What you will do »
Word for word, copy the line containing "this 1732×1299 image." and each line after it in the records below, ending with the last line.

Information provided »
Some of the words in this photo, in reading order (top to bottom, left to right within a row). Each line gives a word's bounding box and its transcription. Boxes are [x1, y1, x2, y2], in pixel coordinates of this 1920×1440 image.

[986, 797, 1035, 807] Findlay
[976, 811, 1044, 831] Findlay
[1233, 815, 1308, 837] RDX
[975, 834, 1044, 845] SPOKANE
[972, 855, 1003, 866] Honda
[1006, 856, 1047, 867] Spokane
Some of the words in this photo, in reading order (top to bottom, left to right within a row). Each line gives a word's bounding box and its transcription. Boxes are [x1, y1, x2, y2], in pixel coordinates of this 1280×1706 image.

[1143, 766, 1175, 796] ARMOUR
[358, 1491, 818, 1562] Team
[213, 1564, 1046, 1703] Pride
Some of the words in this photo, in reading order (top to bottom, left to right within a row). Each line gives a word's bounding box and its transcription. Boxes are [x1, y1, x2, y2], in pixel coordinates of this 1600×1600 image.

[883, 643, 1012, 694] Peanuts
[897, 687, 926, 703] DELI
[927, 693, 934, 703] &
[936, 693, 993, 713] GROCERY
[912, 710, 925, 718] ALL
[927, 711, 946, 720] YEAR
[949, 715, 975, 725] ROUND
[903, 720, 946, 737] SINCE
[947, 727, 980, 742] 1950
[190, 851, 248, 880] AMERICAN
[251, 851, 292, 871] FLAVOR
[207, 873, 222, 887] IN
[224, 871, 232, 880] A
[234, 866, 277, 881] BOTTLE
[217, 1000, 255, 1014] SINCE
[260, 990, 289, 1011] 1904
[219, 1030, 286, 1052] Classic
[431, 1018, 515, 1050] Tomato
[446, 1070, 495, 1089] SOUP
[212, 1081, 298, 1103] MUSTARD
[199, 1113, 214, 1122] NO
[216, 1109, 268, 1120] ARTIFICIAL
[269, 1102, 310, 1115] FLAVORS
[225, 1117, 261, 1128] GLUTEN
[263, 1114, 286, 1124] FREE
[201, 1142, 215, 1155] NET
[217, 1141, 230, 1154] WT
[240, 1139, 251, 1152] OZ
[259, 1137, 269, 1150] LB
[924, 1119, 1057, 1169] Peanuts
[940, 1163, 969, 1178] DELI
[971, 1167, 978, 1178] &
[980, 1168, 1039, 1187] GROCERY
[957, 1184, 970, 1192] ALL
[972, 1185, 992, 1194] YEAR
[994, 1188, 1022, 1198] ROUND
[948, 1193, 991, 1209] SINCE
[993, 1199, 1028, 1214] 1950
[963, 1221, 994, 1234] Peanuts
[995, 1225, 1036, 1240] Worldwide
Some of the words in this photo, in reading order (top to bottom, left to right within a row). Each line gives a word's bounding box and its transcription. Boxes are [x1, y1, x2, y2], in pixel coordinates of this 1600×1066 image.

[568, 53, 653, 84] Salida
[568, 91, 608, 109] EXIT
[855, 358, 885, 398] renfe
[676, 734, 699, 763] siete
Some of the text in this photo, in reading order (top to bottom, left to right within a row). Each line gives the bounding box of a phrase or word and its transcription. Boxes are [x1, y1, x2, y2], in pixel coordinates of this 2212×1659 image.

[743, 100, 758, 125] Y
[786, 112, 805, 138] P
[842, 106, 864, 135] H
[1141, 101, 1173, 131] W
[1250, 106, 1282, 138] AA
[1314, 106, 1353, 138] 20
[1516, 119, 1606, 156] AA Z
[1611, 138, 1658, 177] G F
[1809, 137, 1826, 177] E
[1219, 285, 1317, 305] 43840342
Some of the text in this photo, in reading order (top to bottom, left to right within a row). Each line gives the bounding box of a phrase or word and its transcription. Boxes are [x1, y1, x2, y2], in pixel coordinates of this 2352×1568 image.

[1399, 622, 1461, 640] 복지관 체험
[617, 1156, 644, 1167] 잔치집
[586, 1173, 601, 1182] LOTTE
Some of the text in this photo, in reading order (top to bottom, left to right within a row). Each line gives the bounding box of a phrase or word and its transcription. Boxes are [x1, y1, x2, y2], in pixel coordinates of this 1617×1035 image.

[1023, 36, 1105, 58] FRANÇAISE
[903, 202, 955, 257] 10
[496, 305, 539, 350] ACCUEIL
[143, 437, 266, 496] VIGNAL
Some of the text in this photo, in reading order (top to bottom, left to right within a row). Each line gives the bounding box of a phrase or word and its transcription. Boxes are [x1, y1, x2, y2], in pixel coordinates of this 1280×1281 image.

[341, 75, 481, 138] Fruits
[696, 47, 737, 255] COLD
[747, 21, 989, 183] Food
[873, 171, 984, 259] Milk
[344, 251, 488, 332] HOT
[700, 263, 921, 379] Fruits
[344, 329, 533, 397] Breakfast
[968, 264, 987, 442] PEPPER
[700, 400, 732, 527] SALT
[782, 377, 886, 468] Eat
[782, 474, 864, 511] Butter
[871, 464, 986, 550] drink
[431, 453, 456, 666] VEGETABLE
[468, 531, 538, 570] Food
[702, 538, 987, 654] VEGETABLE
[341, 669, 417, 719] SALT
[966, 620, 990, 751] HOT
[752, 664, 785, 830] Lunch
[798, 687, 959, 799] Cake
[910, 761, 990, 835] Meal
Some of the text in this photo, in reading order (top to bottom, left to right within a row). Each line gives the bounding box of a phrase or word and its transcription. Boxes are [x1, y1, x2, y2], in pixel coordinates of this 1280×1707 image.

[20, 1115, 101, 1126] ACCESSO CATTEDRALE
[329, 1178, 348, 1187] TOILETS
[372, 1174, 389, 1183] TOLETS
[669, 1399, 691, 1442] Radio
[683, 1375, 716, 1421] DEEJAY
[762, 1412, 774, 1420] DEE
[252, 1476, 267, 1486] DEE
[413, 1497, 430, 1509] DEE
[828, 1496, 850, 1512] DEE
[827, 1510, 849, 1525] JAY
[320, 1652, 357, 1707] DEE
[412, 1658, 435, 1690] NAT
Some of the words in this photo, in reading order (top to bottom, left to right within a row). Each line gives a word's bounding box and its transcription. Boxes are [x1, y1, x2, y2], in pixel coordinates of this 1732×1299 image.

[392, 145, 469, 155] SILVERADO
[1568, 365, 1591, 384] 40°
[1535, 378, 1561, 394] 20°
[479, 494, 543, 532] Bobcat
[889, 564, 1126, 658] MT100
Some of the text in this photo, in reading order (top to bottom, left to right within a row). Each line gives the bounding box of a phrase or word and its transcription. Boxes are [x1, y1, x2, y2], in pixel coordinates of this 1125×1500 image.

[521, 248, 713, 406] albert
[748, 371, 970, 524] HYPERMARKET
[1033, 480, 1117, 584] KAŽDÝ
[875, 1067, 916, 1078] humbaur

Problem solution »
Some of the words in this photo, in reading order (top to bottom, left to right within a row). Each line gives a word's bounding box and its transcription. Boxes are [x1, y1, x2, y2], in pixel coordinates of this 1732×1299 image.

[392, 145, 469, 155] SILVERADO
[1568, 365, 1591, 384] 40°
[1535, 378, 1561, 394] 20°
[479, 494, 543, 532] Bobcat
[889, 564, 1126, 658] MT100
Some of the text in this photo, in reading order (top to bottom, left to right within a row). Each line gives the bounding box of a phrase or word and its transcription. Boxes are [x1, y1, x2, y2], in pixel coordinates of this 1125×1500 image.

[521, 248, 713, 406] albert
[748, 371, 970, 524] HYPERMARKET
[1033, 480, 1117, 584] KAŽDÝ
[875, 1067, 916, 1078] humbaur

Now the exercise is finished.